ACTION ITEM: Please restate the entries verbatim. The copy should hold no pictures.

*** Opening of SOURCE MATERIAL ***

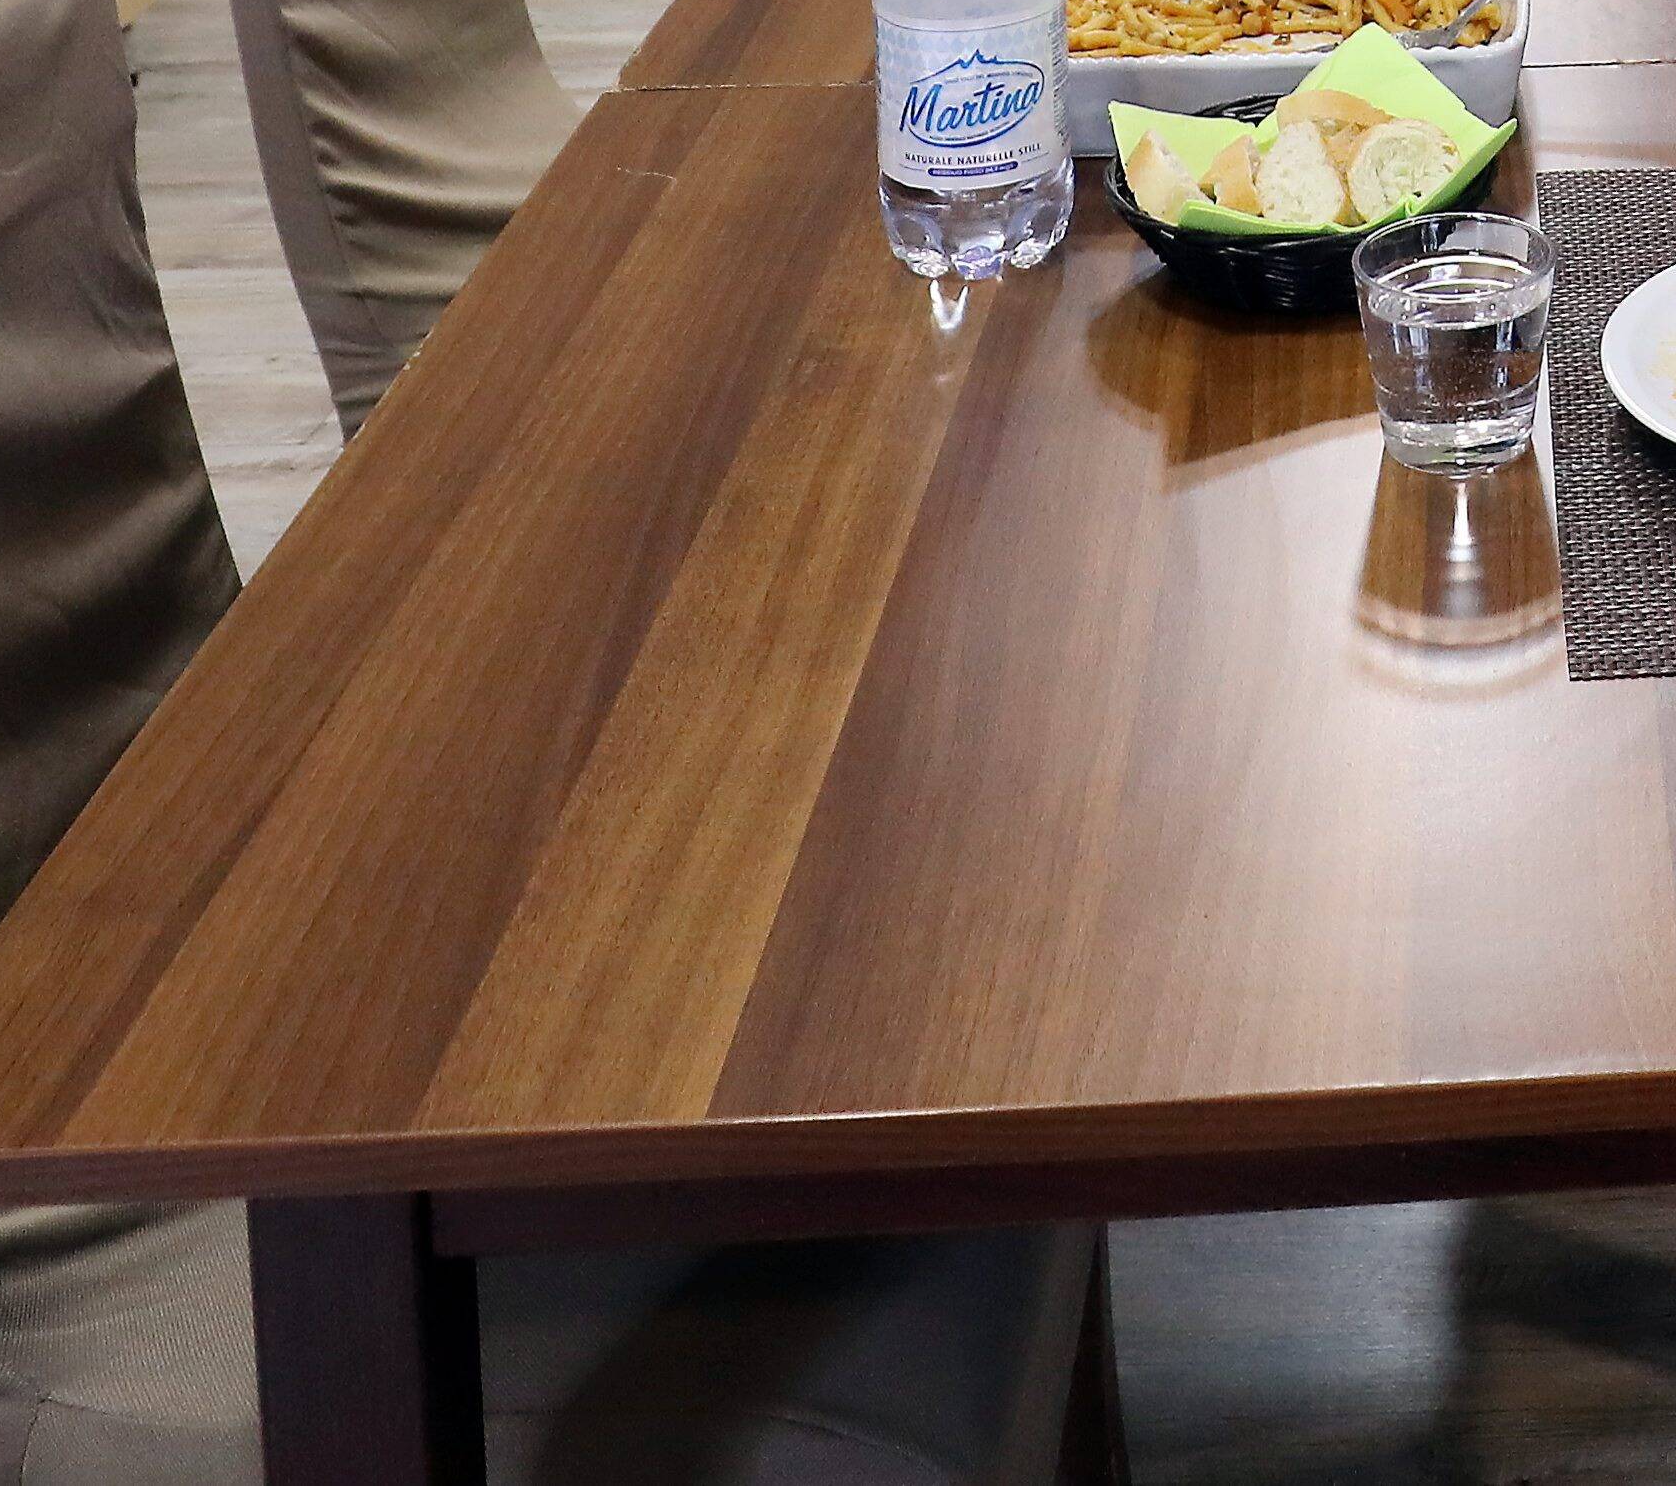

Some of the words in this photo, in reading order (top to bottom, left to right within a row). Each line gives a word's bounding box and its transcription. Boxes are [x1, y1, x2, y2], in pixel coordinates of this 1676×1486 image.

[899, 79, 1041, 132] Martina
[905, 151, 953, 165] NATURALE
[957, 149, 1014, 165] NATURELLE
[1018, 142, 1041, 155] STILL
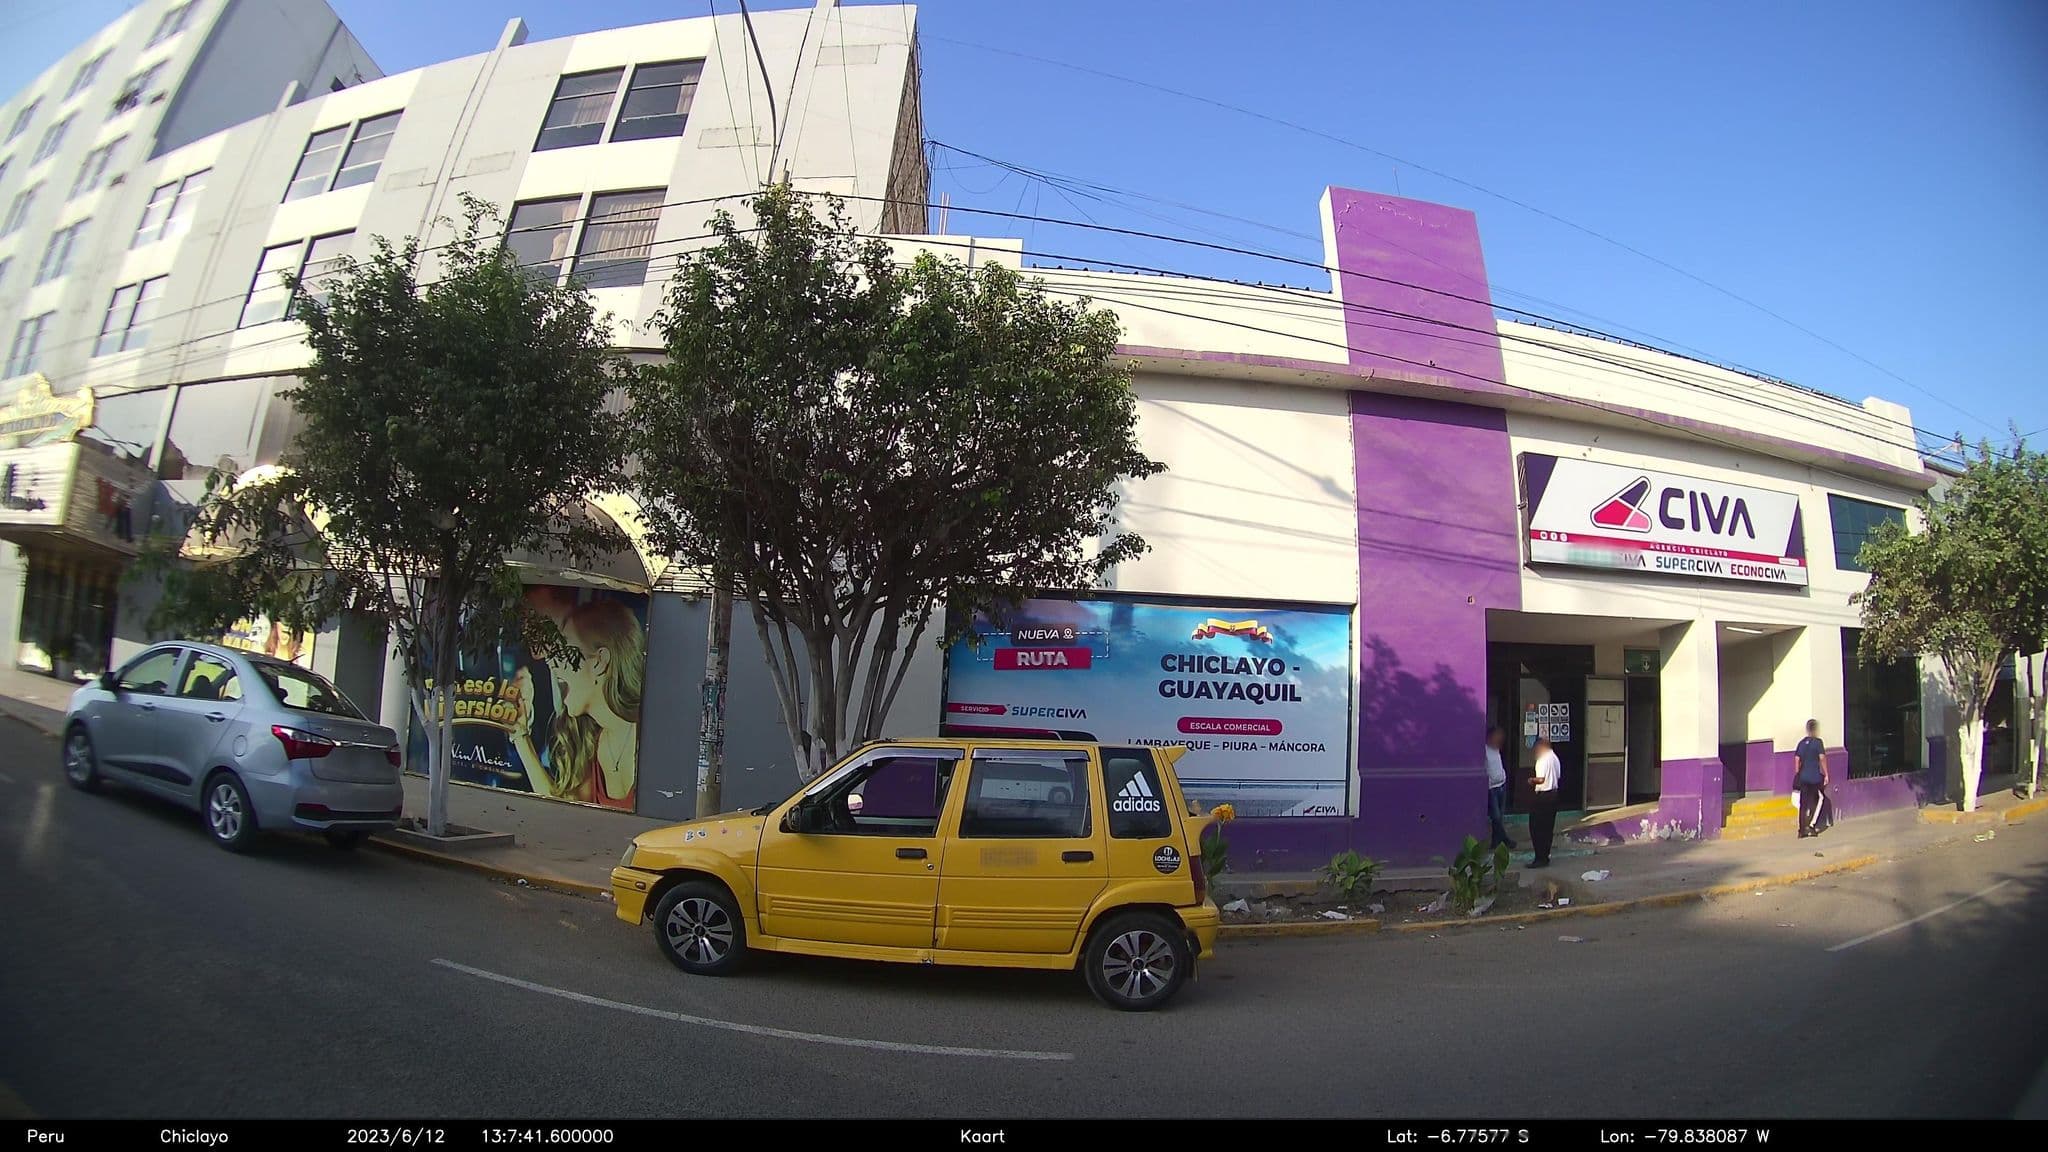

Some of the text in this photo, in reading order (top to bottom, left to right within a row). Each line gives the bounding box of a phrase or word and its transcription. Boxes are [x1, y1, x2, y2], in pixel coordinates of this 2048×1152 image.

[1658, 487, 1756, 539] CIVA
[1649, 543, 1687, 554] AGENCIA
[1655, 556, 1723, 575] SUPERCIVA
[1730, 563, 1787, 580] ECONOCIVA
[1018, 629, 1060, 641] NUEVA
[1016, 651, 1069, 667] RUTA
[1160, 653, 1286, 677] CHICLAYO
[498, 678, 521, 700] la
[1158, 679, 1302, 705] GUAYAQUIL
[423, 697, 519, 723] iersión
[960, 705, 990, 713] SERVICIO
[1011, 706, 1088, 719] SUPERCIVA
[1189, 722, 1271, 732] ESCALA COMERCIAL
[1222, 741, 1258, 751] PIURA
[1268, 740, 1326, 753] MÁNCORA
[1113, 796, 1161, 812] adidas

*** Close of SOURCE MATERIAL ***

FINAL ANSWER:
Some of the words in this photo, in reading order (top to bottom, left to right within a row). Each line gives a word's bounding box and its transcription. Boxes are [x1, y1, x2, y2], in pixel coordinates of this 1676×1486 image.

[899, 79, 1041, 132] Martina
[905, 151, 953, 165] NATURALE
[957, 149, 1014, 165] NATURELLE
[1018, 142, 1041, 155] STILL

Some of the text in this photo, in reading order (top to bottom, left to right within a row). Each line gives the bounding box of a phrase or word and its transcription. Boxes are [x1, y1, x2, y2], in pixel coordinates of this 2048×1152 image.

[1658, 487, 1756, 539] CIVA
[1649, 543, 1687, 554] AGENCIA
[1655, 556, 1723, 575] SUPERCIVA
[1730, 563, 1787, 580] ECONOCIVA
[1018, 629, 1060, 641] NUEVA
[1016, 651, 1069, 667] RUTA
[1160, 653, 1286, 677] CHICLAYO
[498, 678, 521, 700] la
[1158, 679, 1302, 705] GUAYAQUIL
[423, 697, 519, 723] iersión
[960, 705, 990, 713] SERVICIO
[1011, 706, 1088, 719] SUPERCIVA
[1189, 722, 1271, 732] ESCALA COMERCIAL
[1222, 741, 1258, 751] PIURA
[1268, 740, 1326, 753] MÁNCORA
[1113, 796, 1161, 812] adidas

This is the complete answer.